COMMENT SE PORTE LA PROFESSION ?
« Elle manque de main-d’œuvre ! Il s’agit pourtant d’un métier passionnant même s’il est physique  – posture de travail majoritairement à genou, port de charge…- et qu’il nécessite des connaissances spécifiques (bois, support, calepinage, textes officiels…), de la minutie, de la réflexion et des prises d’initiatives », analyse Gilles Briatte. Et pourtant la demande est là, assurée par une technicité qui les distingue. « Nous avons la chance d’avoir en France un patrimoine qui demande un savoir-faire spécifique. »

QUELS SONT LES PROJETS CONCERNÉS ?
Des projets haut de gamme et techniques. Les parqueteurs sont ainsi spécialisés dans la restauration de parquets anciens ou de mises en œuvre techniques qui nécessitent une expérience et un savoir-faire que les sociétés pluridisciplinaires dans la pose de sol n’ont pas. Il s’agit majoritairement de réhabilitation d’immeubles haussmanniens avec amélioration de l’acoustique, d’équipements souhaitant garder le cachet des parquets traditionnels, de la rénovation des ministères, des immeubles d’État ou de monument comme le Louvre. Certaines entreprises spécialisées estiment qu’il y a 40 ans, le spectre des projets était plus important, notamment via les gymnases ou les habitations collectives.
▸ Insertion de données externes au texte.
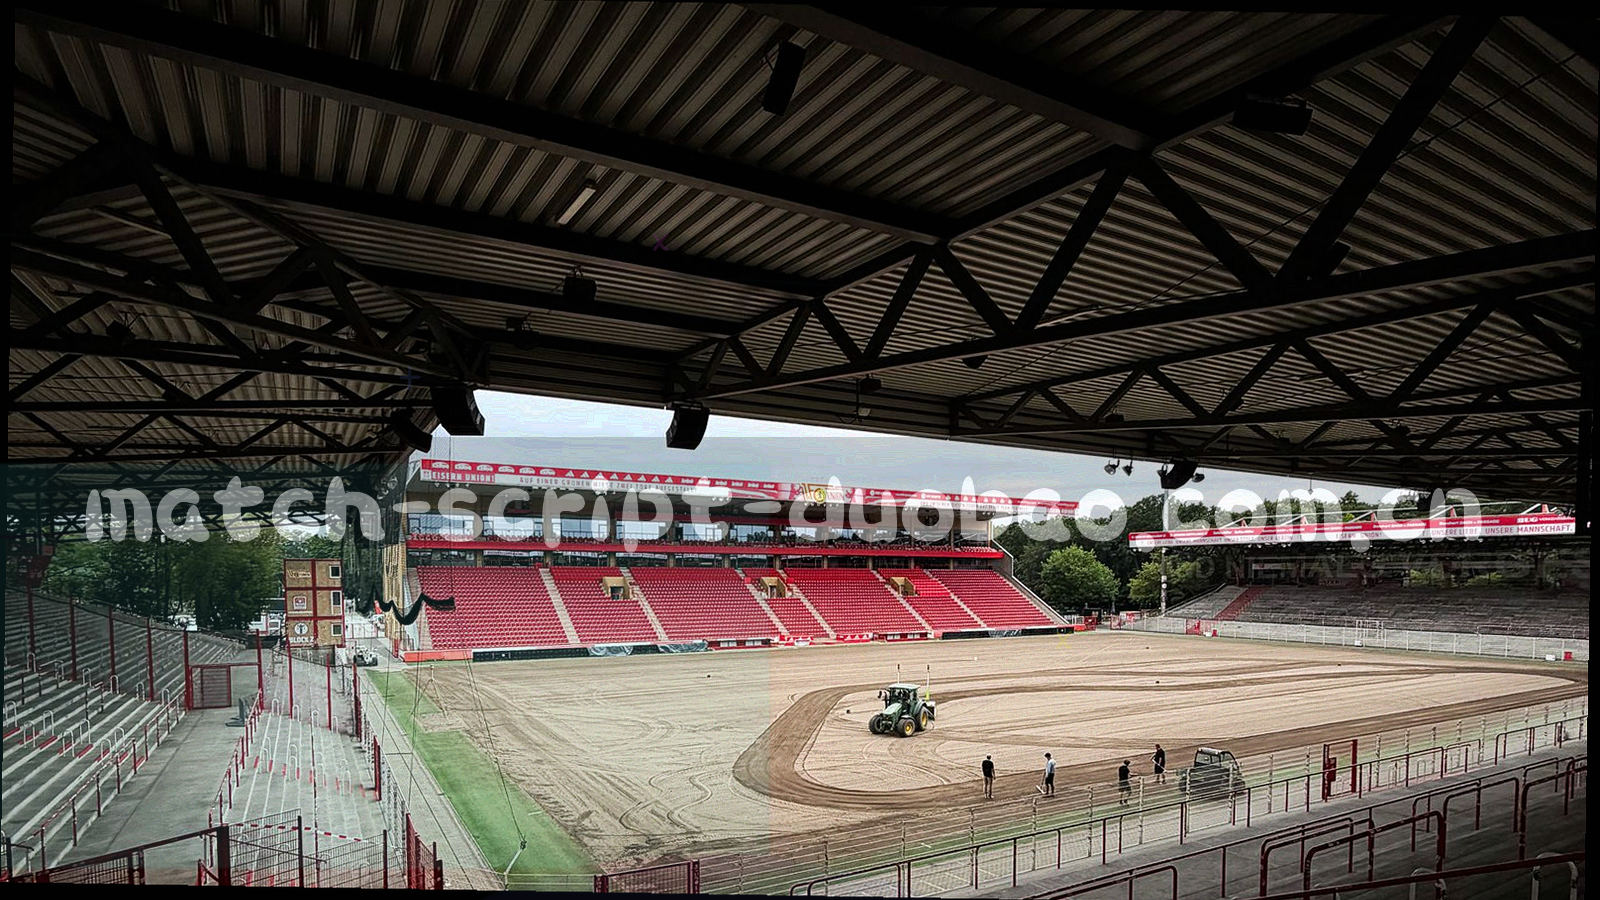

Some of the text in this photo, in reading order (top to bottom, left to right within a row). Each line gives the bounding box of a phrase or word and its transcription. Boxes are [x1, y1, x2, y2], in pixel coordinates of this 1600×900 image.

[432, 471, 495, 483] EISERN UNION!
[1485, 525, 1513, 534] UNSERE
[1517, 524, 1573, 533] MANNSCHAFT.
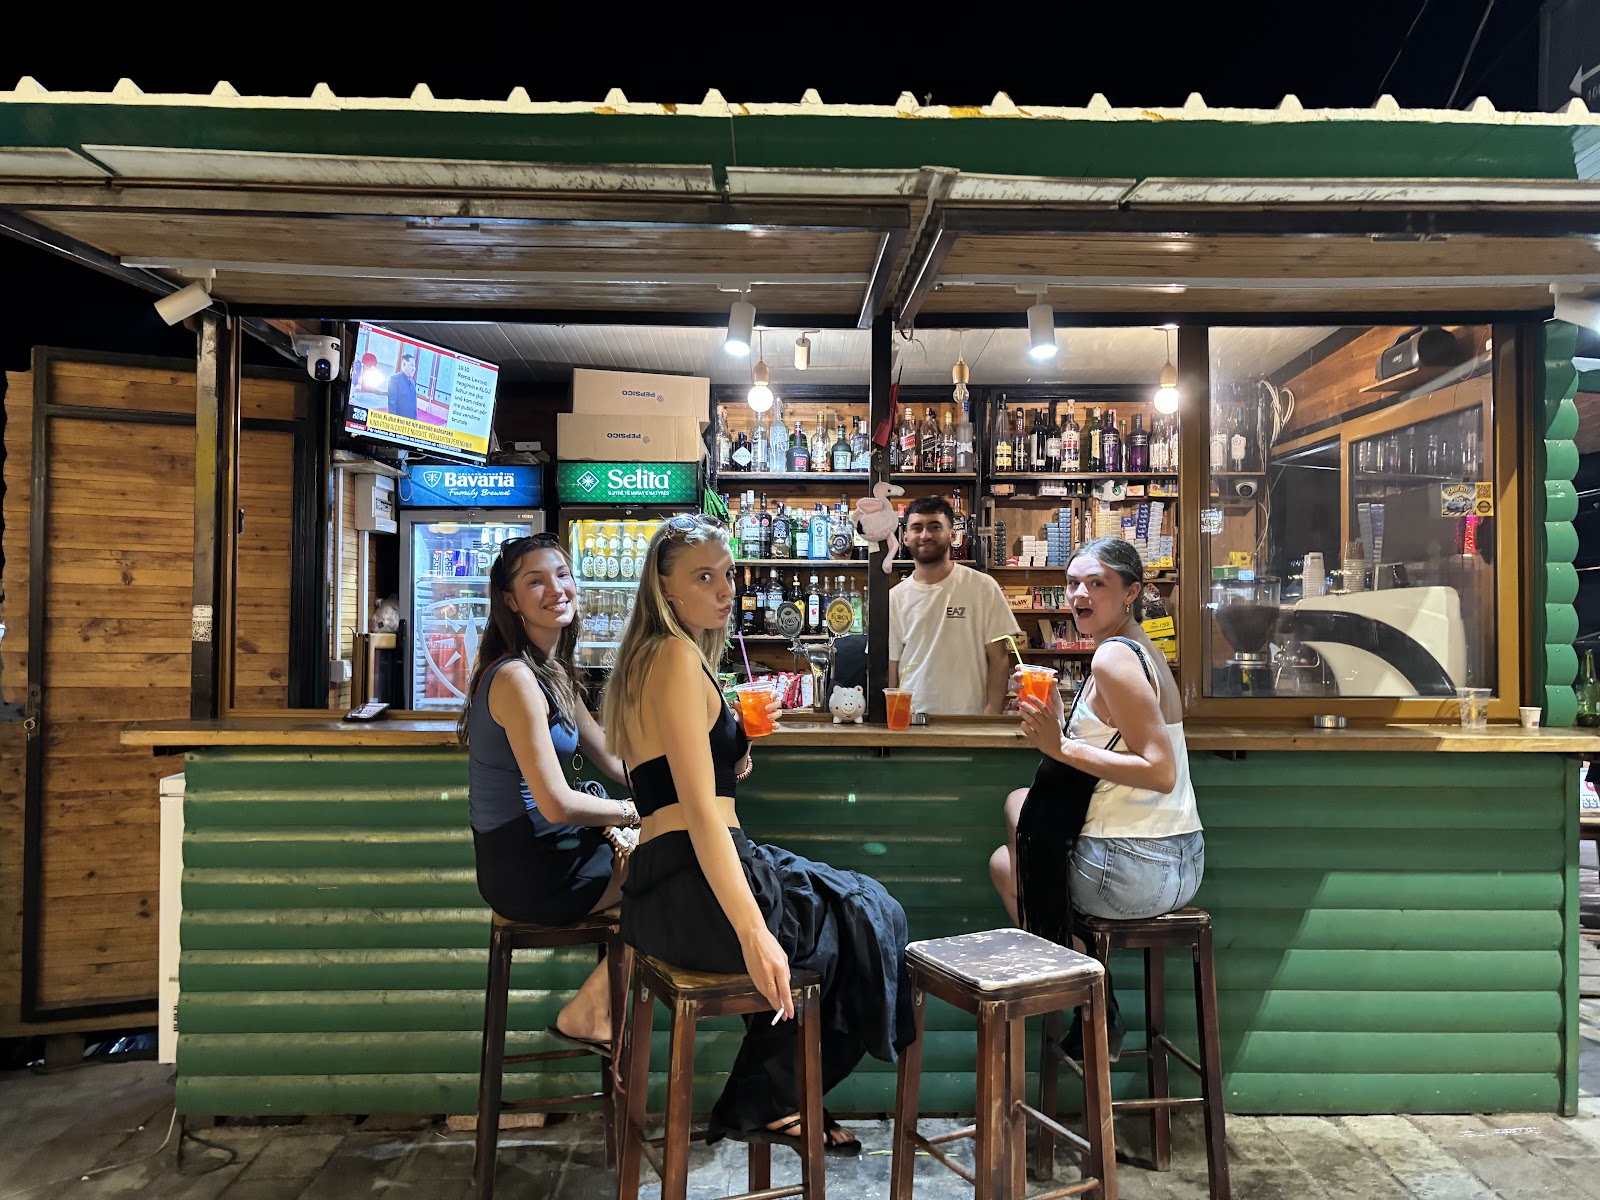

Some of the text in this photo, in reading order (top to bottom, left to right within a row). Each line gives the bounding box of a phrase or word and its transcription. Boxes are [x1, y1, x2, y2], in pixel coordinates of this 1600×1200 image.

[444, 472, 514, 487] Bavaria
[608, 469, 669, 489] Selita
[448, 488, 478, 498] Family
[947, 607, 965, 616] EA7
Dorénavant, les normes imposées et les types de poses préétablies qui ne nécessitent que peu de technique mais une forte cadence privilégient des parquets moins techniques. Sans compter les fabricants qui ont leurs propres équipes de poseurs.
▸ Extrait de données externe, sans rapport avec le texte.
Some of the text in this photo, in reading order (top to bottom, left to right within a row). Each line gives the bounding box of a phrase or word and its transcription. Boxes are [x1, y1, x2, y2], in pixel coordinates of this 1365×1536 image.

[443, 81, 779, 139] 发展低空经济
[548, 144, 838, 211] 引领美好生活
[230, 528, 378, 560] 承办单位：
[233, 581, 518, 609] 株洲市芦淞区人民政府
ET LE RABOTEUR, QU’EST-CE QU’IL FAIT ?
Dans les petites structures, les artisans vont s’occuper non seulement de la pose du parquet mais aussi des finitions. Et pourtant se sont deux métiers bien distincts, parqueteur et raboteur, qui se suivent et se complètent. Les raboteurs s’occupent du parquet en fonction des demandes après la pose. Ils sont aptes à travailler les teintes, les décorations, à donner au parquet du volume, le creuser, le patiner, le vieillir… Si le parqueteur opère dès la maçonnerie finie, le raboteur intervient juste avant la livraison afin d’harmoniser le sol avec l’ensemble de la pièce.